Saved entries:
————————
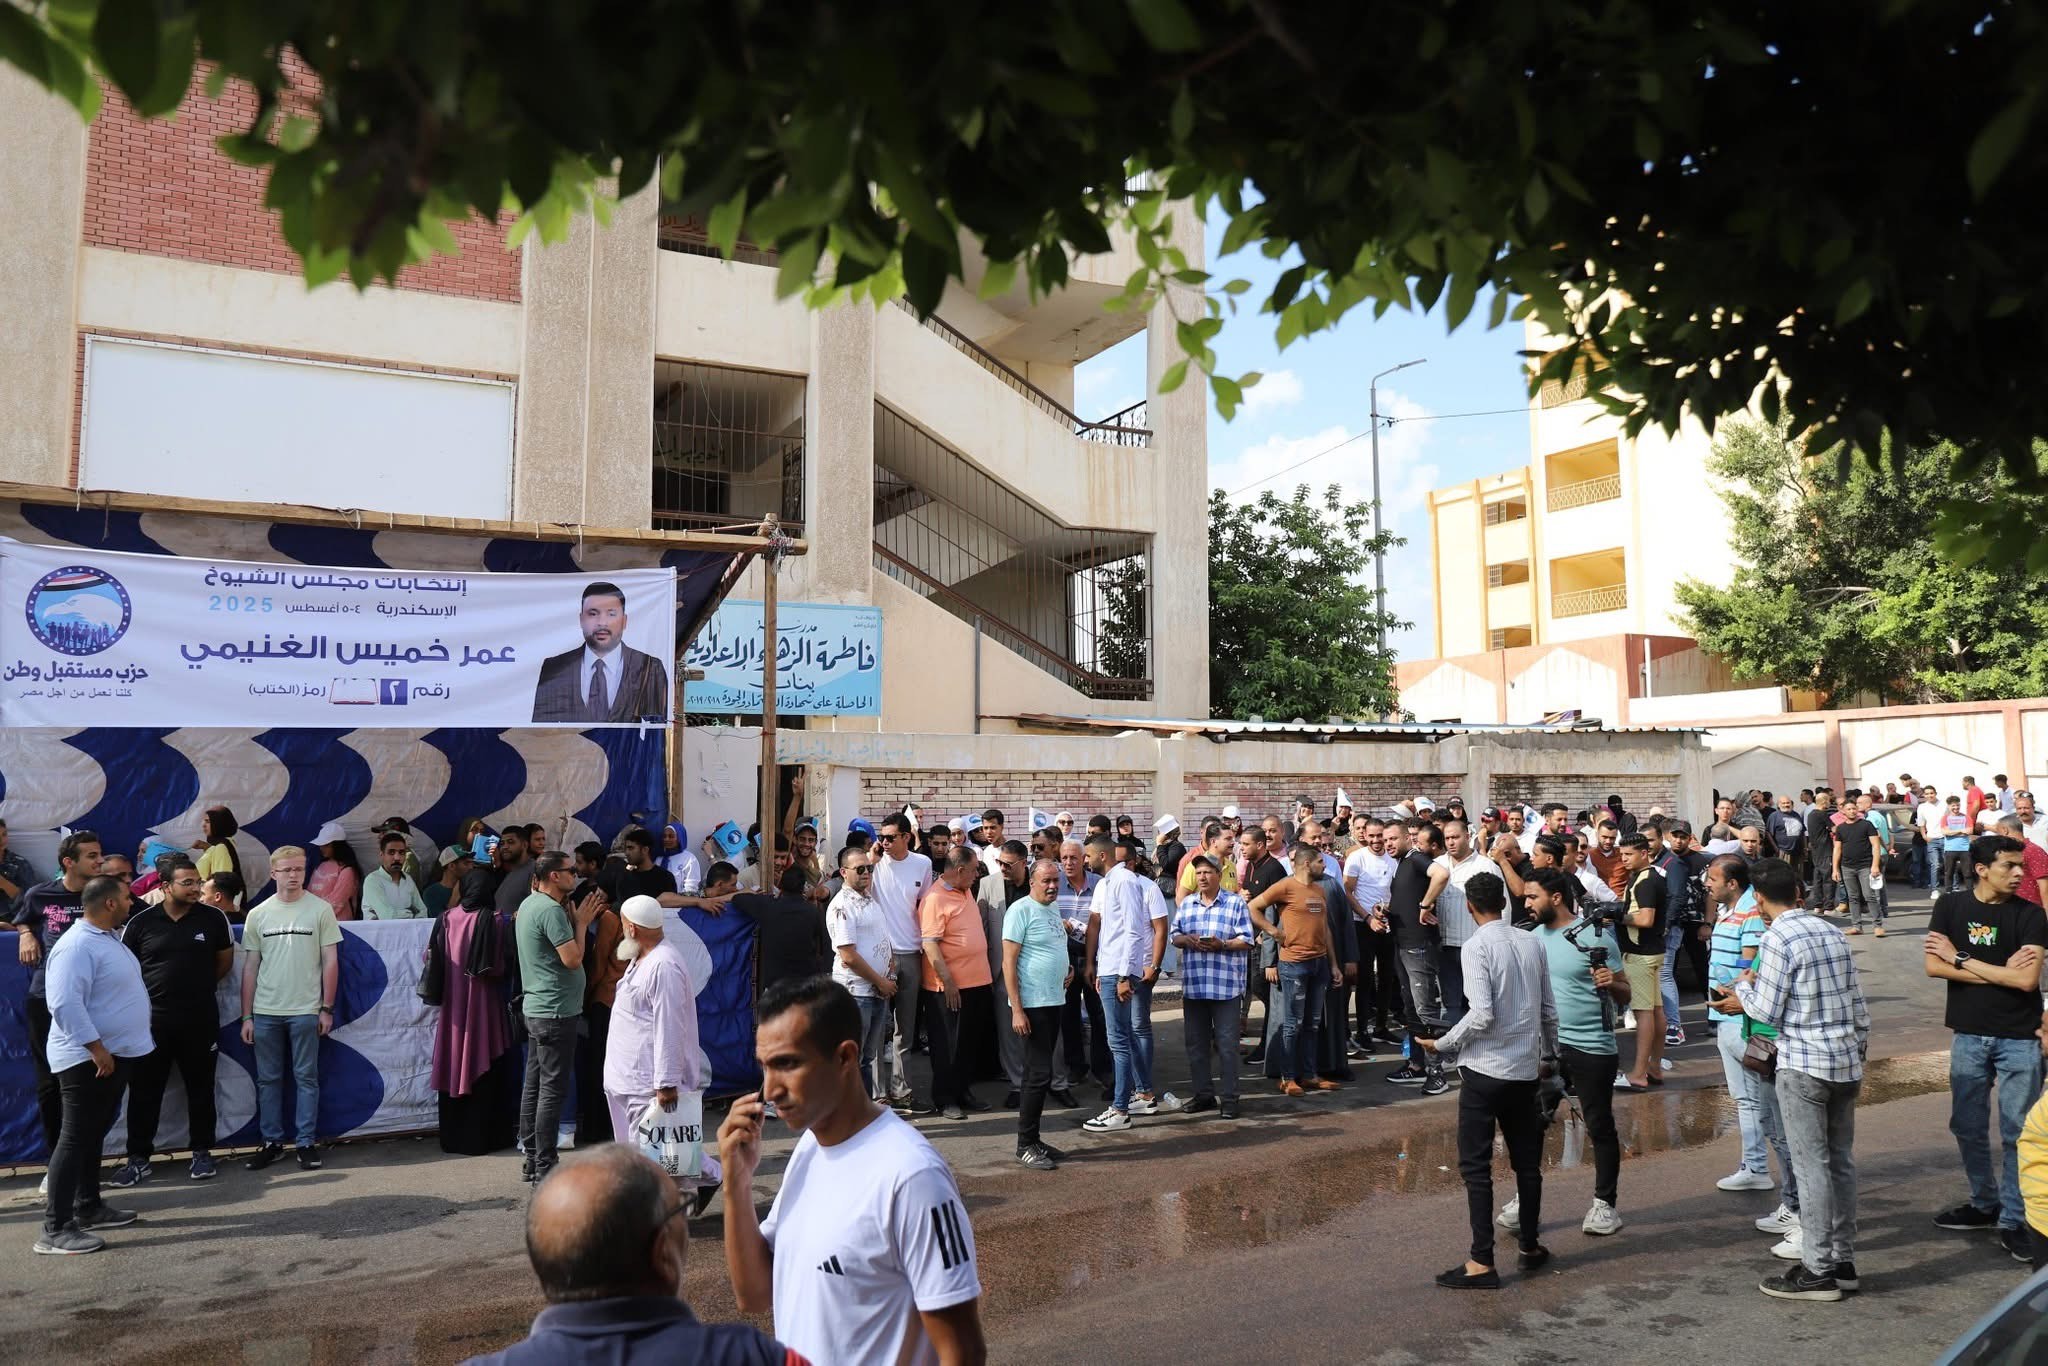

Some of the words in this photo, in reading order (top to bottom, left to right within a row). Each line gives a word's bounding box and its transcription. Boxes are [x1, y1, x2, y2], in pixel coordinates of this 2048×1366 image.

[204, 566, 286, 587] الشيوخ
[291, 574, 369, 591] مجلس
[375, 577, 467, 596] إنتخابات
[208, 595, 273, 613] 2025
[284, 600, 340, 614] أغسطس
[180, 633, 327, 669] الغنيمي
[336, 638, 450, 665] خميس
[459, 645, 516, 667] عمر
[816, 634, 876, 671] فاطمة
[3, 659, 41, 681] وطن
[44, 660, 113, 682] مستقبل
[116, 663, 149, 683] حزب
[20, 689, 43, 699] مصر
[70, 689, 85, 699] من
[248, 682, 300, 697] (الكتاب)
[301, 684, 326, 697] رمز
[412, 683, 450, 699] رقم
[835, 696, 872, 709] الحاصلة
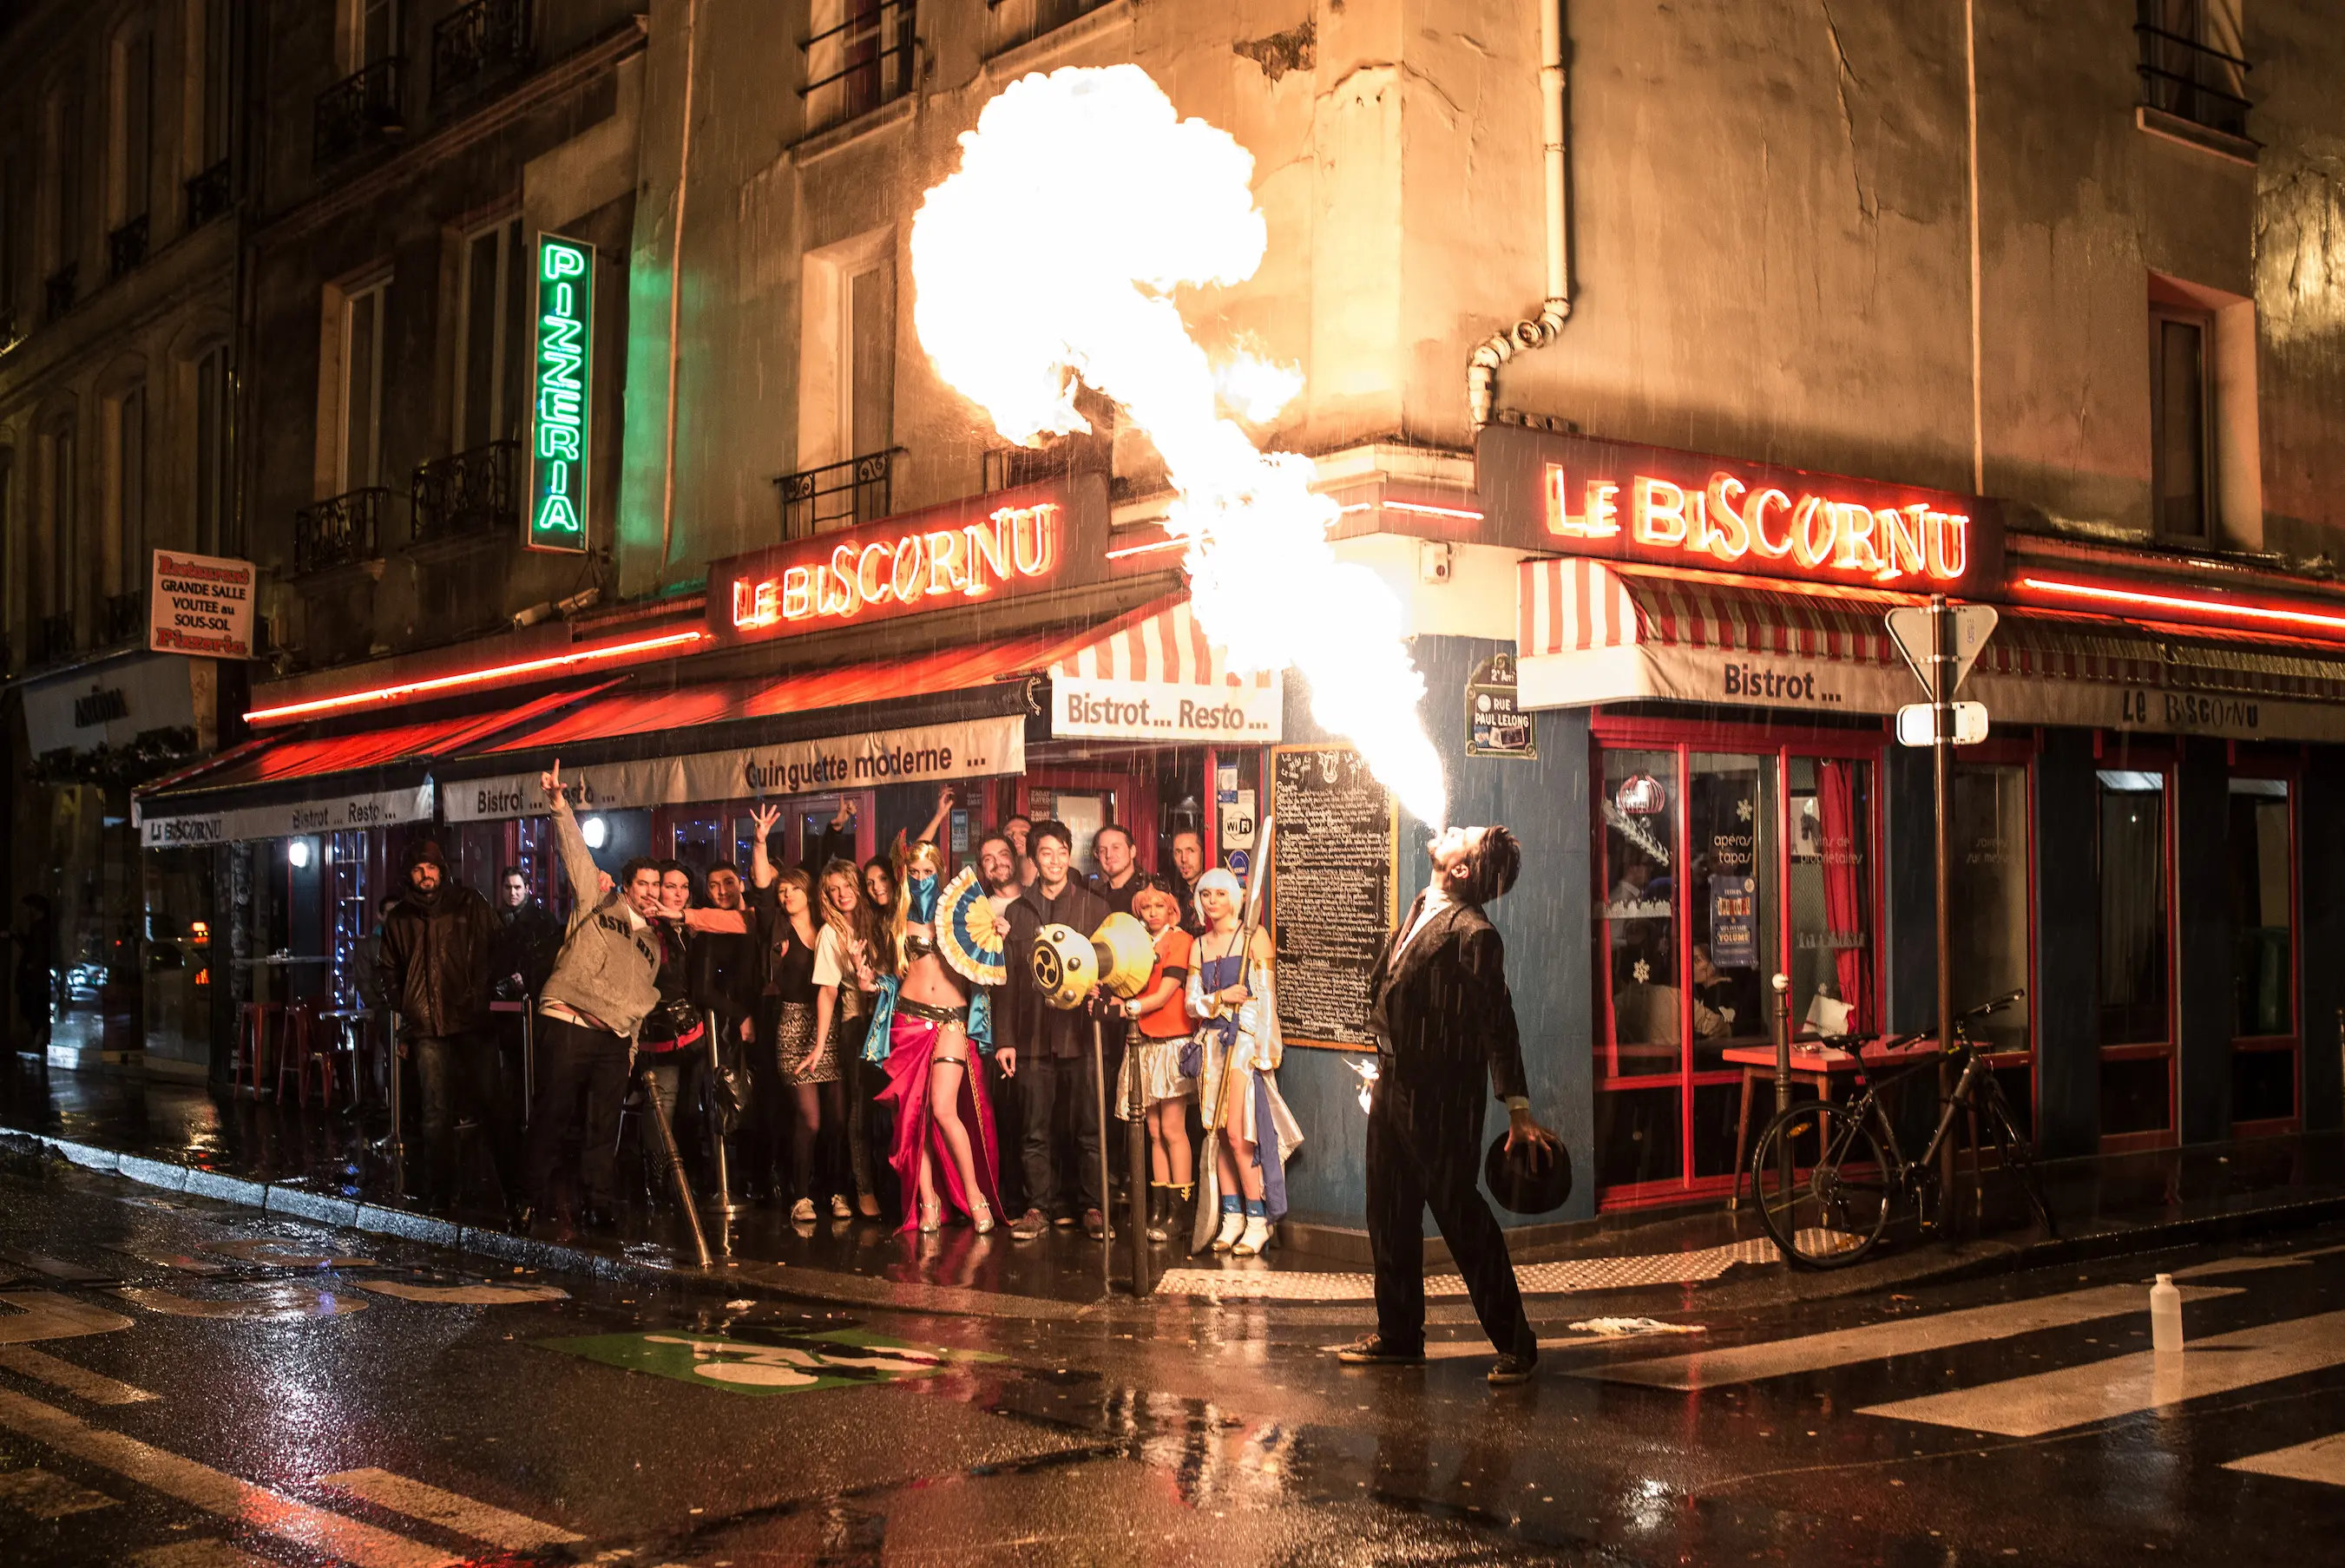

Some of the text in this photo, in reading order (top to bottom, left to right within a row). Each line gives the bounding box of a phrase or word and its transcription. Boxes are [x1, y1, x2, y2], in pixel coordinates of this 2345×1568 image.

[539, 244, 585, 531] PIZZERIA
[1546, 463, 1970, 581] LE BISCORNU
[158, 555, 250, 586] Restaurant
[732, 502, 1060, 632] LE BISCORNU
[161, 579, 246, 600] GRANDE SALLE
[172, 596, 235, 615] VOUTEE au
[174, 613, 232, 632] SOUS-SOL
[156, 627, 248, 654] Pizzeria
[1724, 663, 1815, 700] Bistrot
[1494, 698, 1511, 712] RUE
[1475, 712, 1529, 728] PAUL LELONG
[745, 754, 848, 791] Guinguette
[855, 745, 952, 778] moderne
[348, 802, 380, 823] Resto
[165, 818, 221, 841] BSCORNU
[1836, 836, 1850, 848] de
[1718, 852, 1752, 865] tapas
————————
Excluding every picture, write out each record word for word.

Some of the words in this photo, in reading order (top to bottom, left to right within a row). Each line gives a word's bounding box and its transcription. Boxes are [x1, y1, x2, y2], in pixel coordinates of this 2048×1366 image.

[204, 566, 286, 587] الشيوخ
[291, 574, 369, 591] مجلس
[375, 577, 467, 596] إنتخابات
[208, 595, 273, 613] 2025
[284, 600, 340, 614] أغسطس
[180, 633, 327, 669] الغنيمي
[336, 638, 450, 665] خميس
[459, 645, 516, 667] عمر
[816, 634, 876, 671] فاطمة
[3, 659, 41, 681] وطن
[44, 660, 113, 682] مستقبل
[116, 663, 149, 683] حزب
[20, 689, 43, 699] مصر
[70, 689, 85, 699] من
[248, 682, 300, 697] (الكتاب)
[301, 684, 326, 697] رمز
[412, 683, 450, 699] رقم
[835, 696, 872, 709] الحاصلة

Some of the text in this photo, in reading order (top to bottom, left to right within a row). Each line gives the bounding box of a phrase or word and its transcription. Boxes are [x1, y1, x2, y2], in pixel coordinates of this 2345×1568 image.

[539, 244, 585, 531] PIZZERIA
[1546, 463, 1970, 581] LE BISCORNU
[158, 555, 250, 586] Restaurant
[732, 502, 1060, 632] LE BISCORNU
[161, 579, 246, 600] GRANDE SALLE
[172, 596, 235, 615] VOUTEE au
[174, 613, 232, 632] SOUS-SOL
[156, 627, 248, 654] Pizzeria
[1724, 663, 1815, 700] Bistrot
[1494, 698, 1511, 712] RUE
[1475, 712, 1529, 728] PAUL LELONG
[745, 754, 848, 791] Guinguette
[855, 745, 952, 778] moderne
[348, 802, 380, 823] Resto
[165, 818, 221, 841] BSCORNU
[1836, 836, 1850, 848] de
[1718, 852, 1752, 865] tapas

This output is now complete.